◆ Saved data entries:
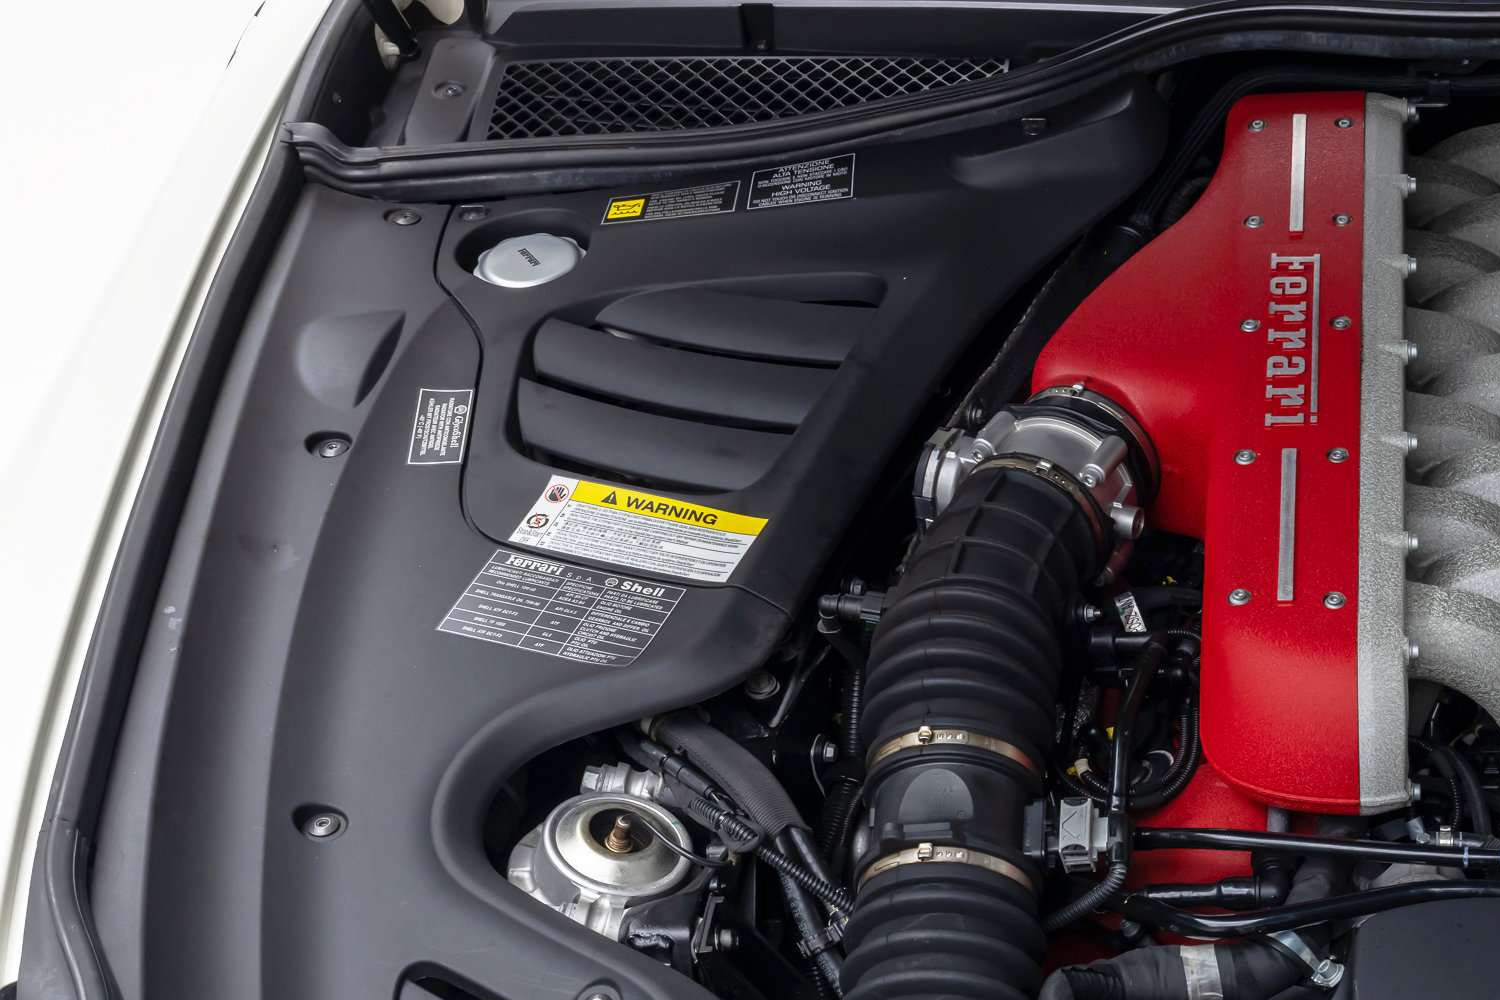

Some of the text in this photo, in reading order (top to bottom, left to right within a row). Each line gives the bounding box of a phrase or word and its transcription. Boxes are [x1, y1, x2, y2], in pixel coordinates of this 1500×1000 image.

[779, 159, 829, 172] ATTENZIONE
[794, 164, 834, 174] TENSIONE
[782, 180, 821, 190] WARNING
[795, 184, 830, 193] VOLTAGE
[518, 248, 540, 266] Ferrari
[1264, 252, 1320, 426] Ferrari
[450, 416, 463, 447] GlycoShell
[626, 496, 719, 526] WARNING
[505, 554, 566, 576] Ferrari
[620, 580, 666, 598] Shell
[610, 634, 637, 642] HYDRAULIC

◆ Task to complete: Leave every picture out. Retype the remaining data exactly.

◆ Response:
Some of the text in this photo, in reading order (top to bottom, left to right within a row). Each line gives the bounding box of a phrase or word and its transcription. Boxes are [x1, y1, x2, y2], in pixel coordinates of this 1500×1000 image.

[779, 159, 829, 172] ATTENZIONE
[794, 164, 834, 174] TENSIONE
[782, 180, 821, 190] WARNING
[795, 184, 830, 193] VOLTAGE
[518, 248, 540, 266] Ferrari
[1264, 252, 1320, 426] Ferrari
[450, 416, 463, 447] GlycoShell
[626, 496, 719, 526] WARNING
[505, 554, 566, 576] Ferrari
[620, 580, 666, 598] Shell
[610, 634, 637, 642] HYDRAULIC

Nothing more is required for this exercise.